(EXCERPTED DATA)
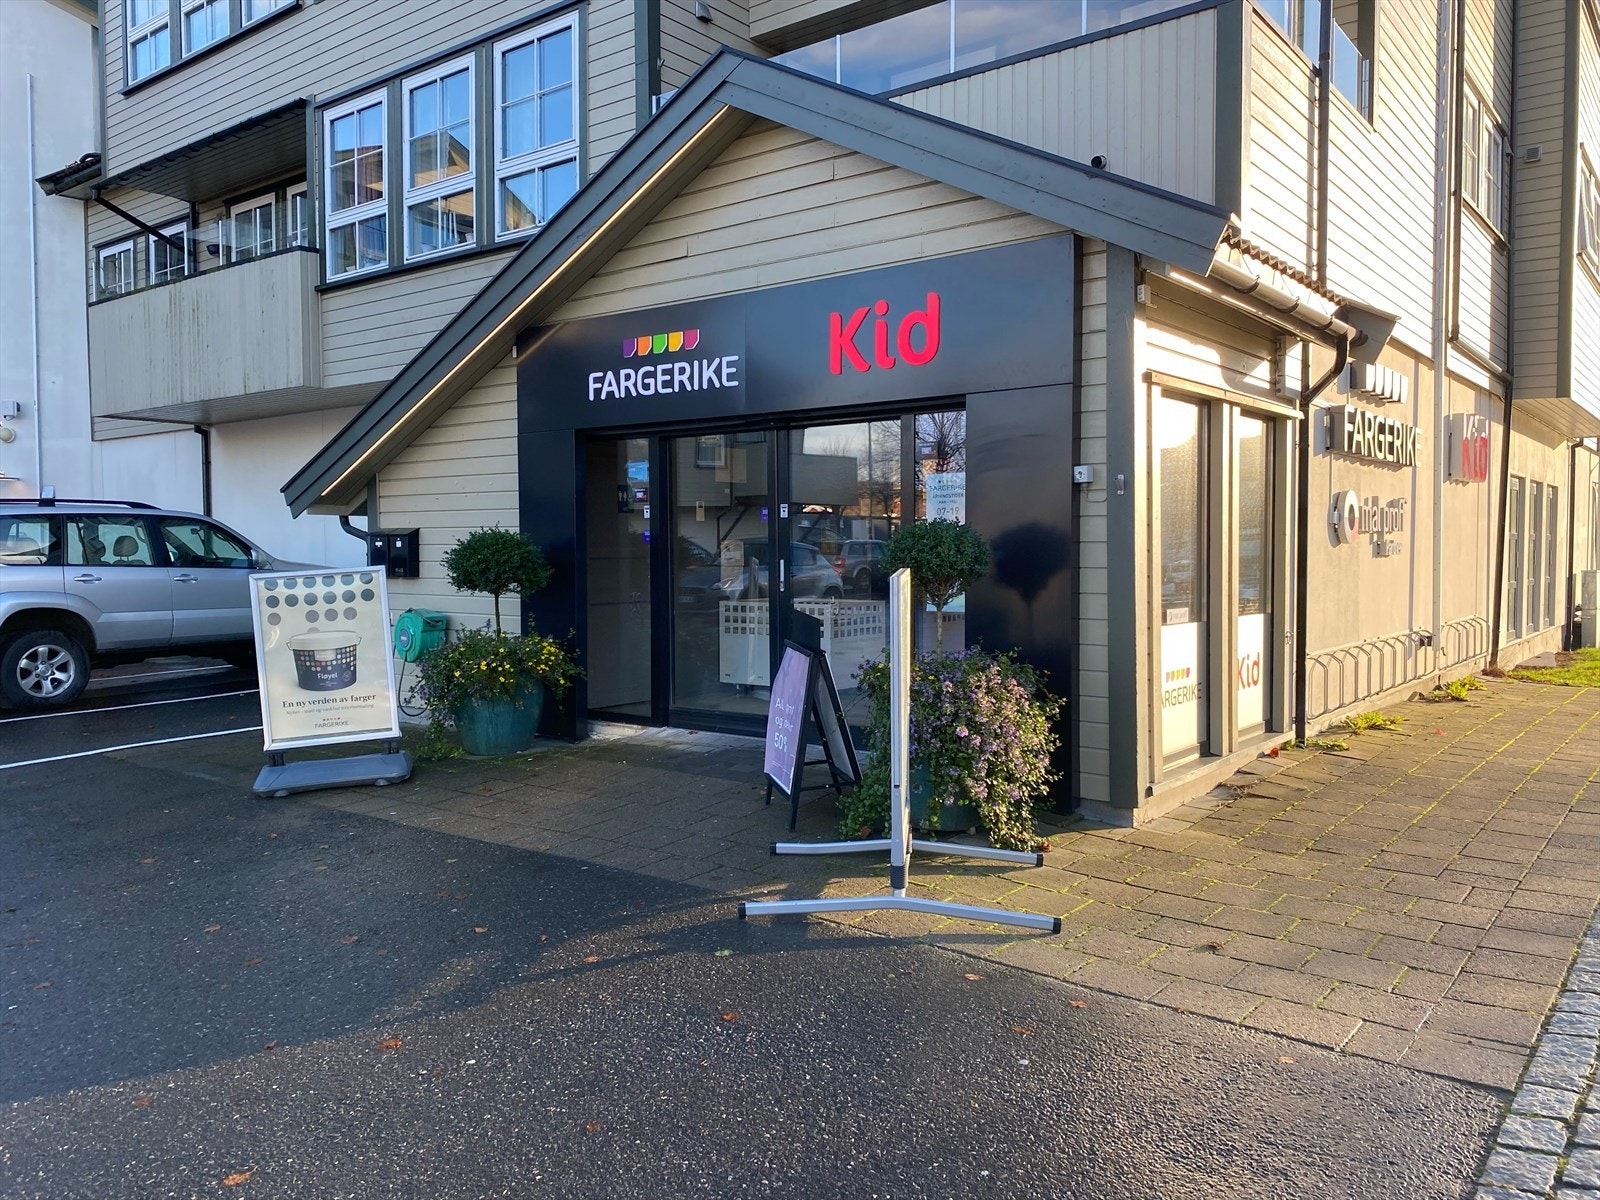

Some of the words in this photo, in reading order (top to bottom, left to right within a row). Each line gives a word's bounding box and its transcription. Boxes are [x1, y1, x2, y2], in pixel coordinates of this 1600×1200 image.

[829, 291, 941, 376] Kid
[588, 355, 739, 402] FARGERIKE
[1343, 404, 1423, 468] FARGERIKE
[1462, 412, 1489, 482] Kid
[937, 507, 960, 516] 07-19
[317, 672, 338, 680] Fløyel
[308, 697, 338, 706] verden
[350, 694, 376, 703] farger
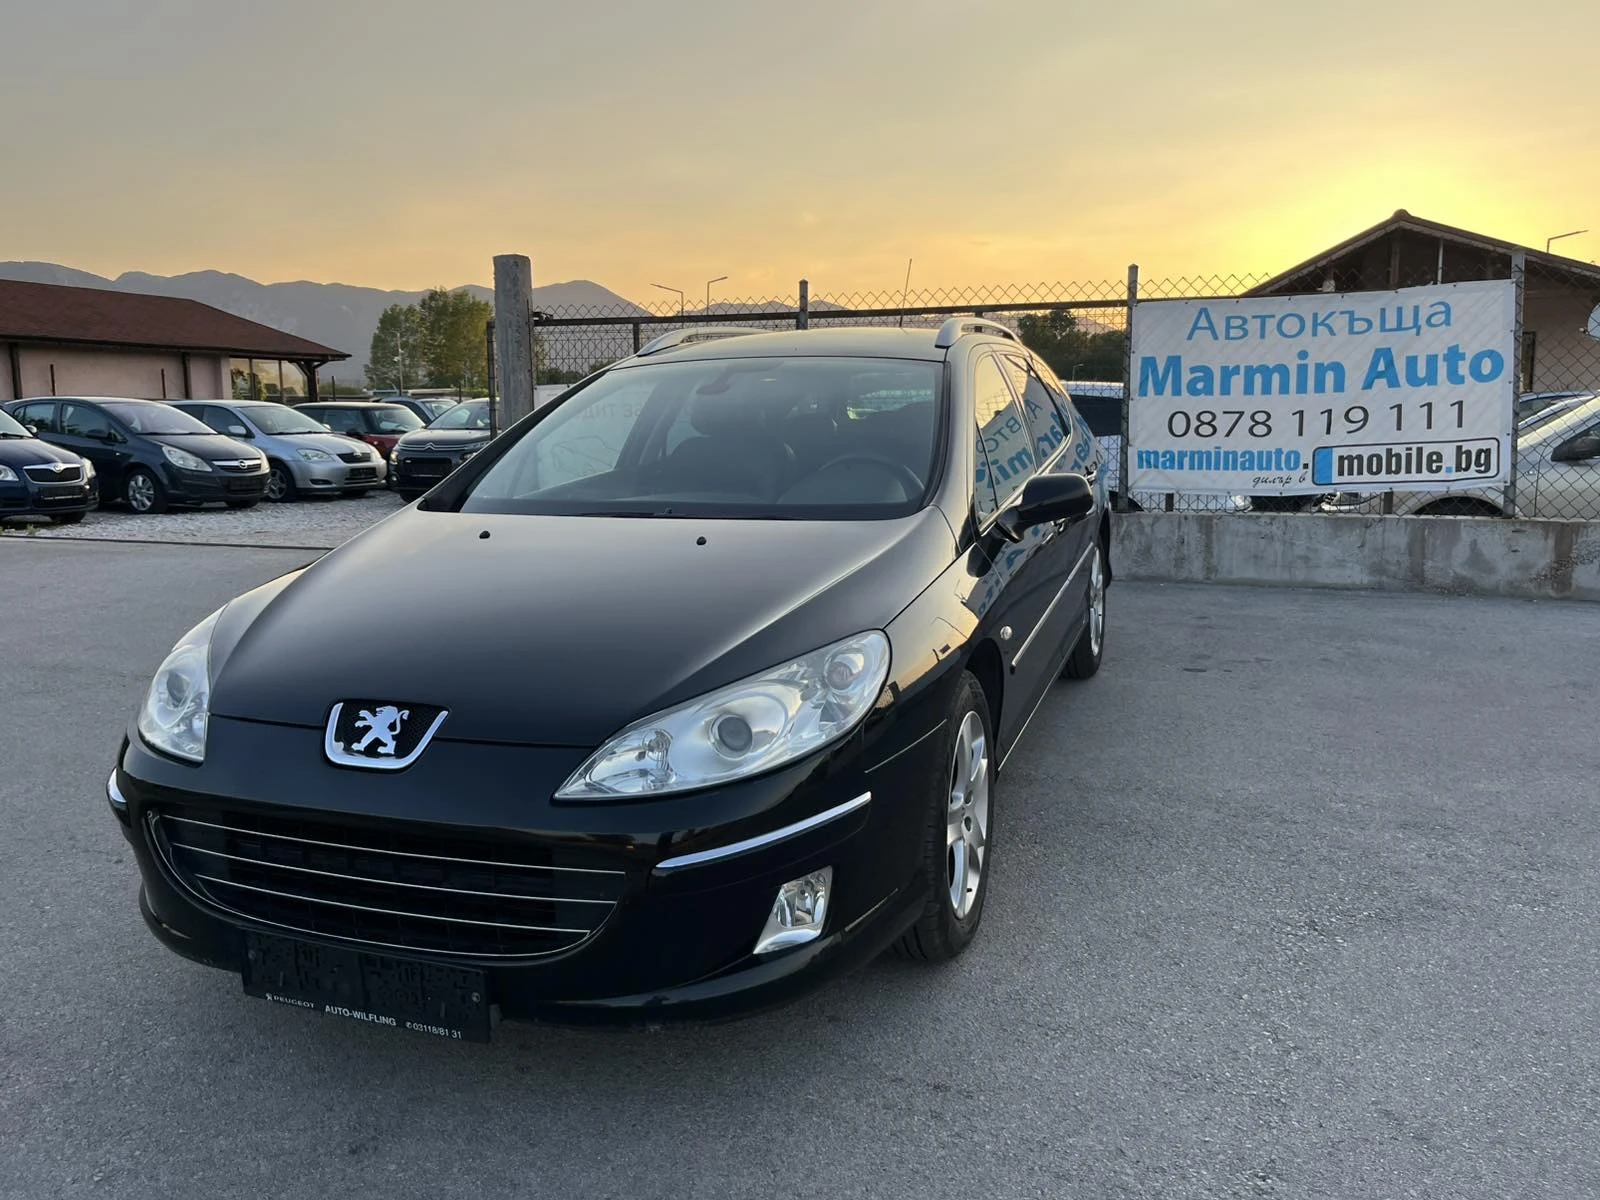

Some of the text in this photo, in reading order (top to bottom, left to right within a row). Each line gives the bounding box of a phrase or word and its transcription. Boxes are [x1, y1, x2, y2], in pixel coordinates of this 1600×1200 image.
(End EXCERPTED DATA)
▶ BRIEF
Could you retype all the entries exactly, skipping the pictures?

▶ ANSWER FOR THE TASK
Some of the words in this photo, in reading order (top to bottom, left to right within a row). Each line gives a word's bounding box and its transcription. Boxes are [x1, y1, x2, y2], in pixel coordinates of this 1600×1200 image.

[829, 291, 941, 376] Kid
[588, 355, 739, 402] FARGERIKE
[1343, 404, 1423, 468] FARGERIKE
[1462, 412, 1489, 482] Kid
[937, 507, 960, 516] 07-19
[317, 672, 338, 680] Fløyel
[308, 697, 338, 706] verden
[350, 694, 376, 703] farger

Some of the text in this photo, in reading order (top to bottom, left to right within a row). Each line gives the bounding box of a phrase or word and its transcription. Boxes are [x1, y1, x2, y2], in pixel coordinates of this 1600×1200 image.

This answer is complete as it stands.